January 18, 2006
Spitzer outlines a broad agenda
for health-care policy change
He argues that New York can increase Medicaid enrollment and still cut costs
New York State should radically overhaul its approach to Medicaid and health-care policy to reduce costs while increasing the number of New Yorkers who get taxpayer-funded Medicaid coverage, state Attorney General Eliot Spitzer said Wednesday.
Recent high-tech advances “have made health care much more expensive for individuals and employers who purchase insurance and for taxpayers who fund the cost of Medicaid and other public health programs,” Spitzer, a Democratic candidate for Governor in 2006, said in a luncheon address before the Chamber Alliance of New York State (CANYS) in Albany.
As a result, family insurance policies have doubled in cost since 1996, and “the high cost of providing health benefits has also weakened the state’s competitive position in attracting and retaining businesses,” he said.

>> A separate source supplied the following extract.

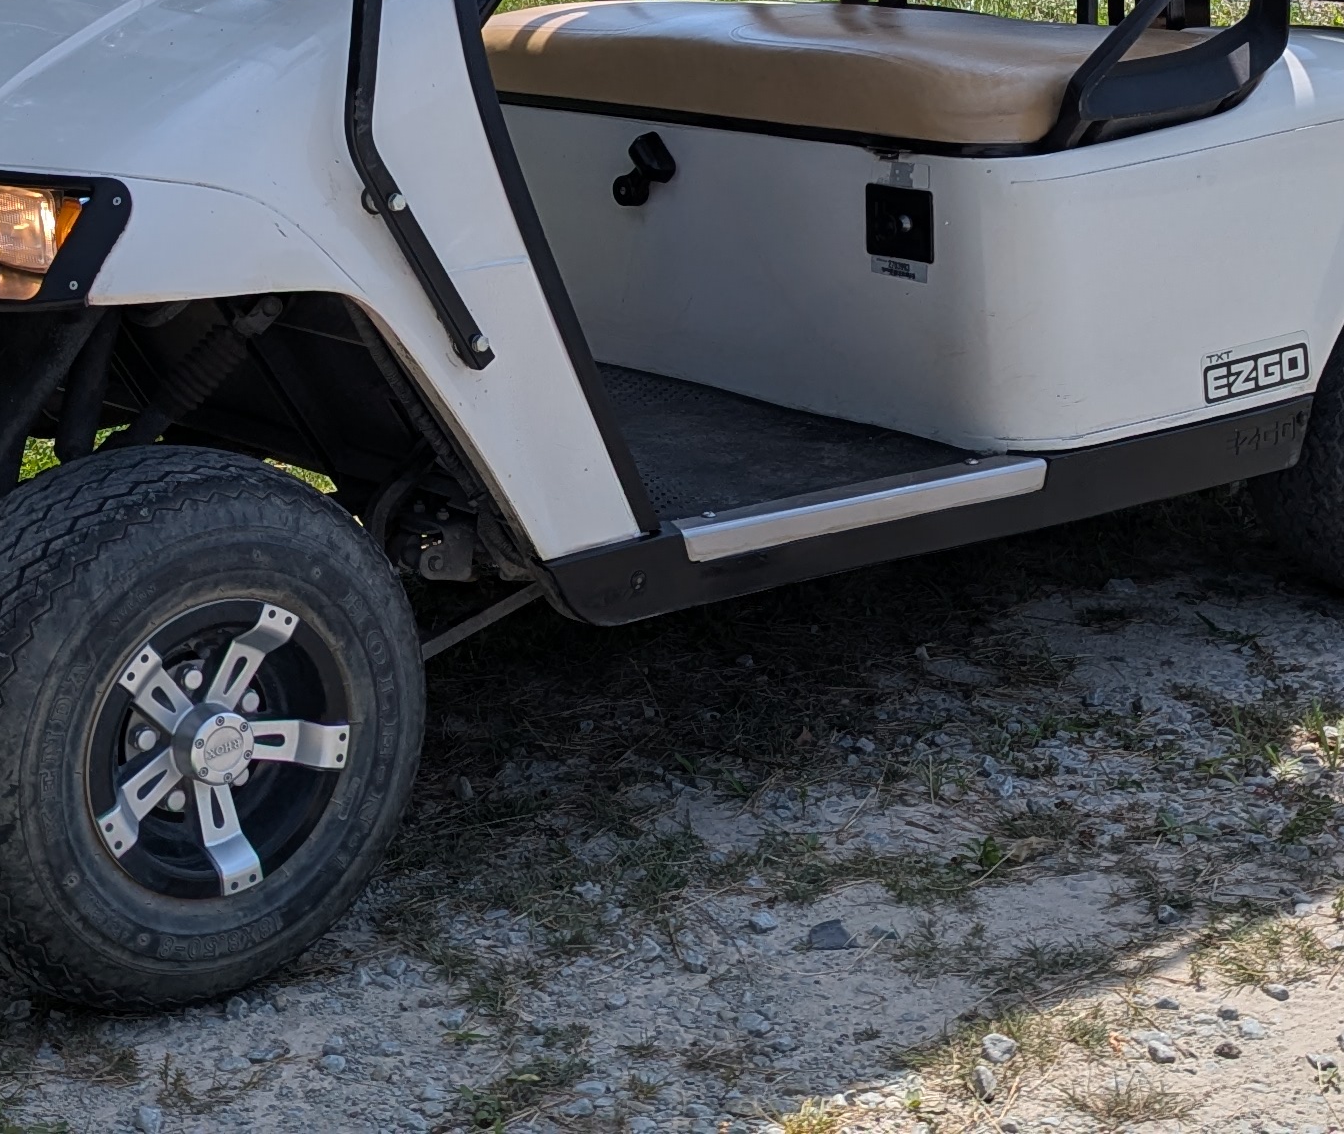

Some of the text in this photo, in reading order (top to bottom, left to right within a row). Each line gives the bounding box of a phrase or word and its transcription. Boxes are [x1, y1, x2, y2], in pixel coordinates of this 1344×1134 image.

[1206, 350, 1233, 364] TXT
[39, 662, 92, 844] KENDA
[206, 739, 241, 760] RHOX
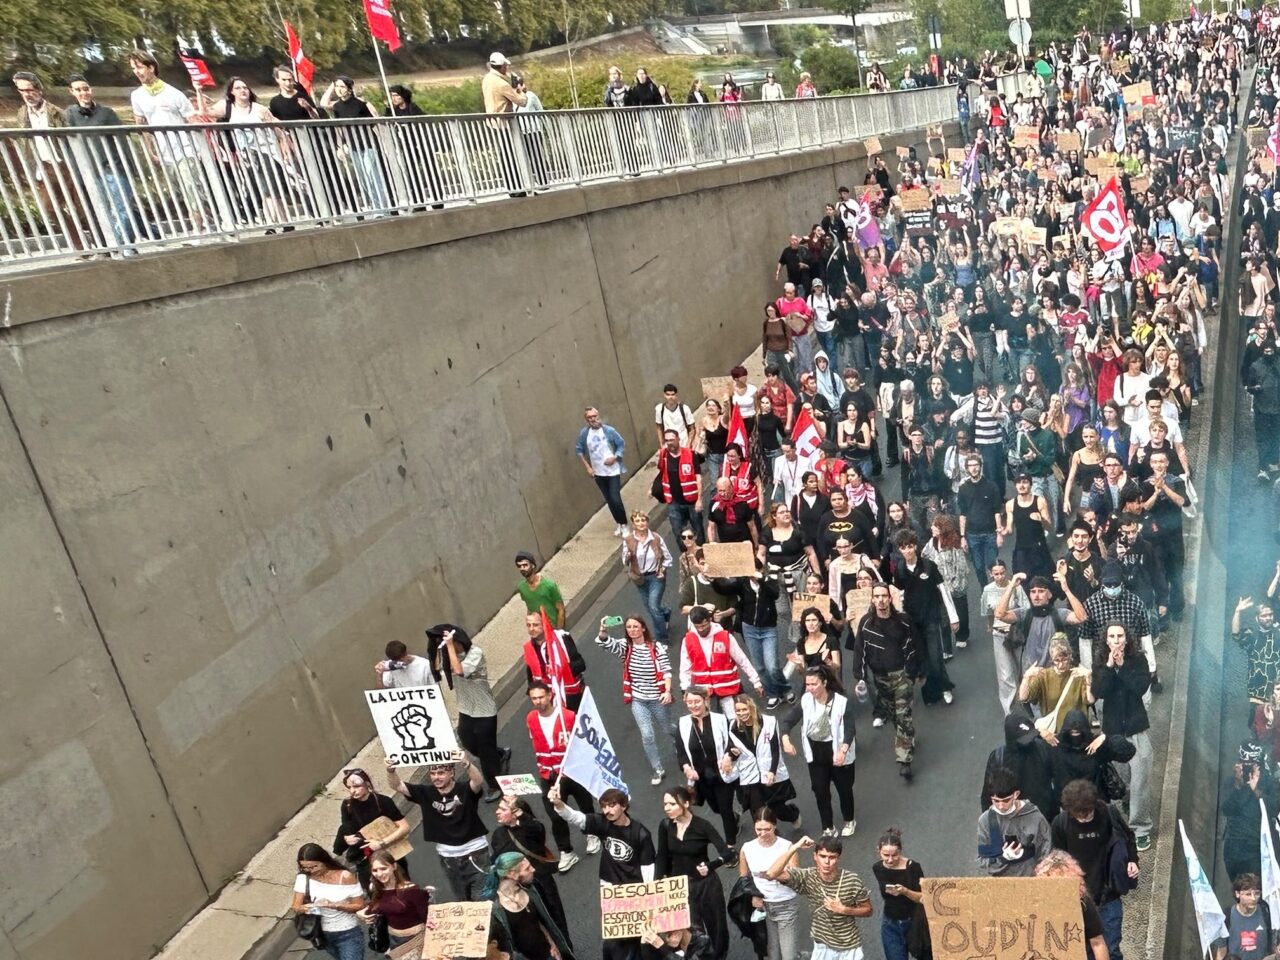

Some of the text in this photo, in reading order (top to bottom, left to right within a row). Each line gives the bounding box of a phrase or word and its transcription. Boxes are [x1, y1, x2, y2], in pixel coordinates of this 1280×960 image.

Meanwhile, New York’s total Medicaid cost has nearly doubled in the last 10 years, from $24 billion in 1996 to nearly $50 billion in Governor Pataki’s 2006 Executive Budget, Spitzer added.
“We find ourselves with a system that is at once too costly and yet leaves too many without adequate access to the health care they need,” he said.
Stepped-up efforts to combat Medicaid fraud are worthwhile but will not be sufficient, he said. Instead, the state should undertake a comprehensive strategy to revamp health care in a way that gets more people into taxpayer-funded care, redesigns health-care delivery, and addresses Medicaid-specific policy challenges.
Specifically, Spitzer said that New York should:
Dramatically increase enrollment in Medicaid: New York needs aggressive new steps to enroll in Medicaid more of the 2.7 million New Yorkers who do not have health insurance. Specifically, he urged taxpayer support for health insurance for every child through the state’s Child Health Plus program, and streamlined processes for enrolling and retaining Medicaid beneficiaries.
Restructure and downsize the hospital sector: New York must make hard decisions to close some hospitals and other health-care institutions, require some not to offer certain services, and take other steps to address well-documented overcapacity in New York’s hospital system.
“If we are serious about getting control of health-care costs, we have to make these hard decisions about the best way to provide hospital care,” Spitzer said. “Some hospitals will have to close. Not every hospital will be able to offer every kind of specialized service, and some hospitals will have to be converted into facilities that provide only ambulatory, educational, and emergency care.”
As the hospital sector is right-sized, Spitzer added, New York must ensure that the health-care safety net is preserved, top-notch academic medical centers are preserved, taxpayer subsidies to hospitals are made consistent with the right-sizing strategy, and displaced hospital workers receive retraining.
Invest in information technology: New York must make a stronger commitment to information technology to improve delivery, accountability, and transparency in health care. He cited one hospital that uses information technology to track and manage care, recommend treatments, and manage patients’ prescriptions and scheduling.
Chronic disease management: Spitzer urged improved management of chronic diseases such as diabetes, heart failure, asthma, high blood pressure, and HIV/AIDS. A change in emphasis from treatment to prevention must be part of this effort, he added.
“Nationally, these chronic aliments account for over 60 percent of the rise in health-care spending, and experts tell me that in New York this number is higher,” Spitzer said.
He also said that Health payers must align reimbursement structures to reward better health outcomes instead of merely paying for treatments.
Reduce the cost of prescription drugs: Spitzer argued that New York State should pressure health-care providers to use more generic drugs, saying that New York uses them about 43 percent of the time and the nation uses them almost 60 percent of the time. He also said New York should consider creating a new non-profit bureaucracy to compete with private businesses in managing pharmacy benefits.
Spitzer also recommended even closer state oversight of physicians’ decisions about prescriptions for their patients.
Fight Medicaid fraud and abuse: State lawmakers should pass “a Martin Act for Medicaid fraud" to give the state broad investigative powers akin to those that the attorney general has used to conduct high-profile investigations of Wall Street firms.
Address the high cost of long-term care: New York should “develop a strategy that addresses the fundamental issues of long-term care,” but Spitzer declined to say whether New York should tighten the state’s relatively lax Medicaid eligibility requirements for long-term care. He recommended new education programs to help New Yorkers understand their long term needs, new initiatives to make it easier for New Yorkers to save and pay for their long-term care, investments in better home- and community-based long-term care options, and a stronger commitment to managed long-term care.